■ Task to complete
Each entry below must be given again word for word, with no pictures.

■ Supplied material
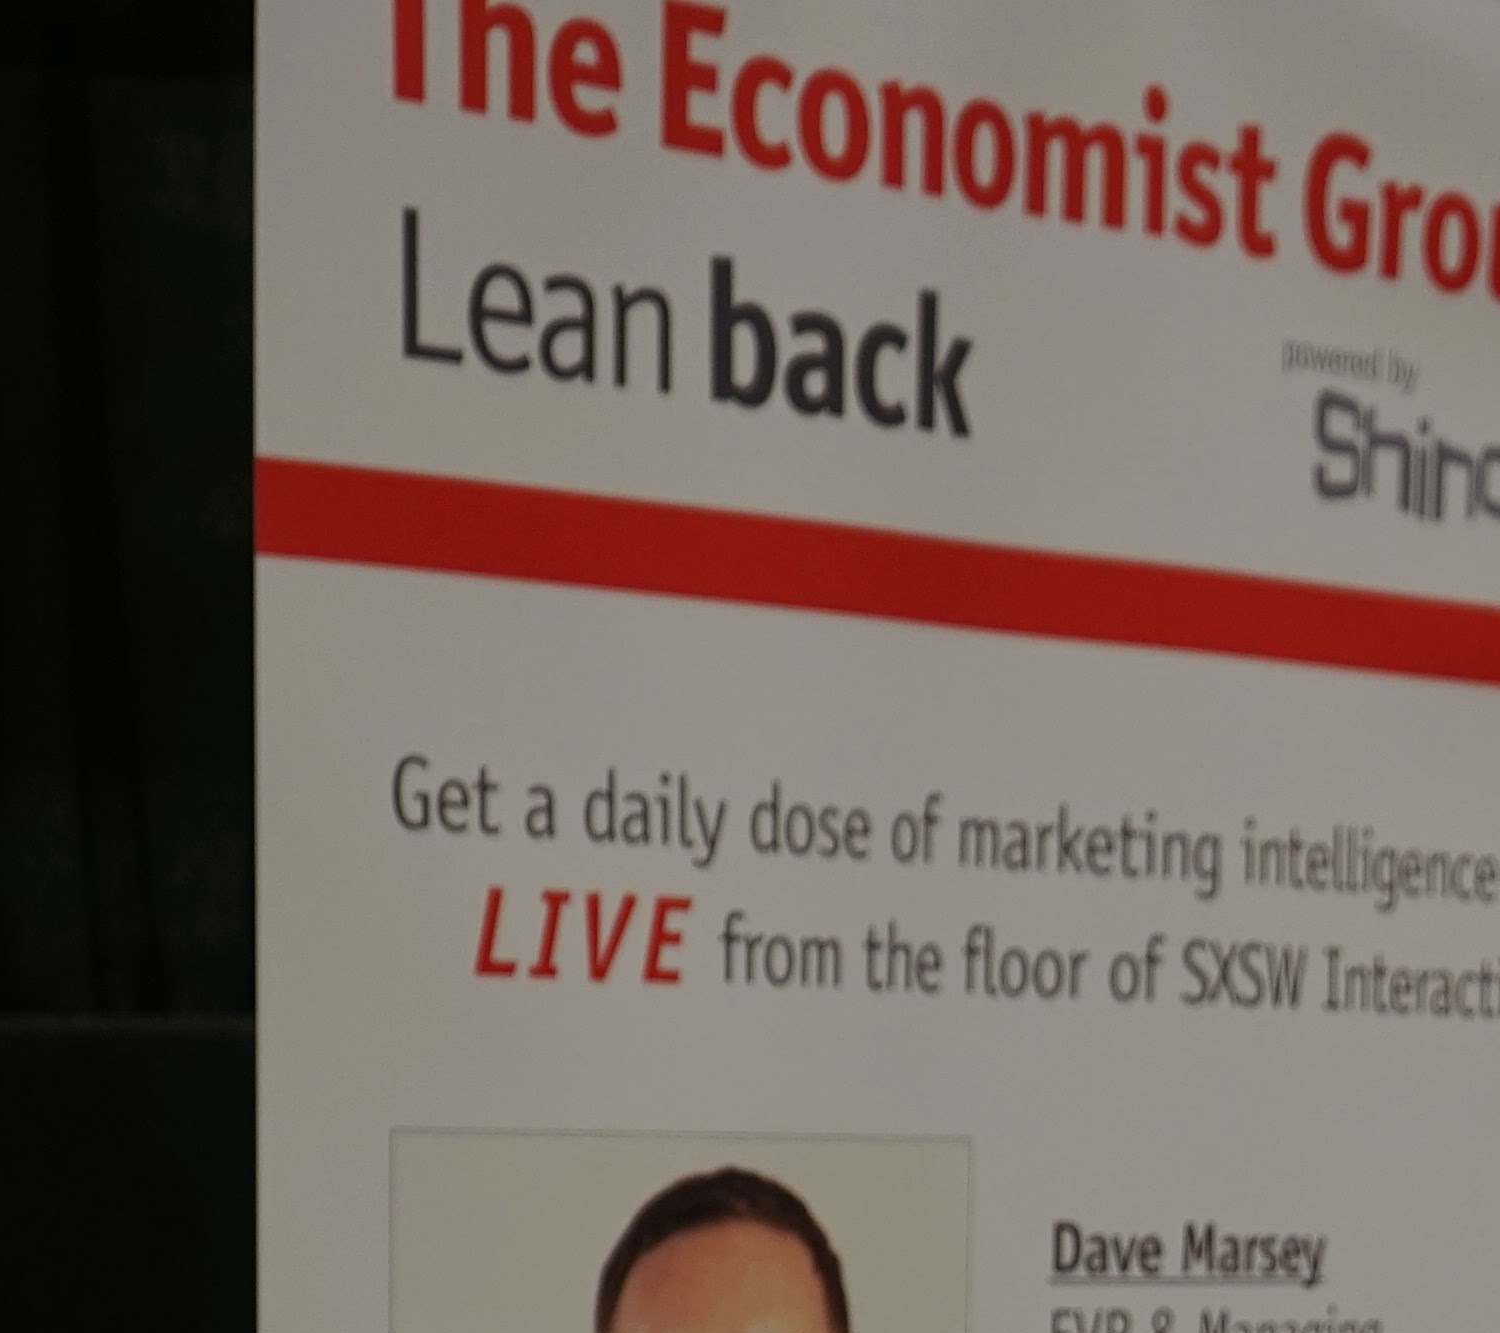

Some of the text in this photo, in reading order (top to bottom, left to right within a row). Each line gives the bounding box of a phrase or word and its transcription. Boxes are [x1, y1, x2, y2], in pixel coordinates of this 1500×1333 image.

[659, 0, 1279, 260] Economist
[401, 205, 974, 440] Lean back
[1280, 340, 1421, 393] powered by
[390, 752, 502, 838] Get
[523, 782, 559, 841] a
[582, 766, 729, 872] daily
[748, 778, 875, 863] dose
[889, 790, 945, 867] of
[957, 803, 1224, 904] marketing
[473, 885, 693, 986] LIVE
[718, 906, 844, 990] from
[862, 918, 945, 997] the
[960, 920, 1091, 1002] floor
[1107, 931, 1168, 1005] of
[1180, 936, 1309, 1011] SXSW
[1051, 1218, 1327, 1293] Dave Marsey

■ Response for this exercise
Some of the text in this photo, in reading order (top to bottom, left to right within a row). Each line gives the bounding box of a phrase or word and its transcription. Boxes are [x1, y1, x2, y2], in pixel coordinates of this 1500×1333 image.

[659, 0, 1279, 260] Economist
[401, 205, 974, 440] Lean back
[1280, 340, 1421, 393] powered by
[390, 752, 502, 838] Get
[523, 782, 559, 841] a
[582, 766, 729, 872] daily
[748, 778, 875, 863] dose
[889, 790, 945, 867] of
[957, 803, 1224, 904] marketing
[473, 885, 693, 986] LIVE
[718, 906, 844, 990] from
[862, 918, 945, 997] the
[960, 920, 1091, 1002] floor
[1107, 931, 1168, 1005] of
[1180, 936, 1309, 1011] SXSW
[1051, 1218, 1327, 1293] Dave Marsey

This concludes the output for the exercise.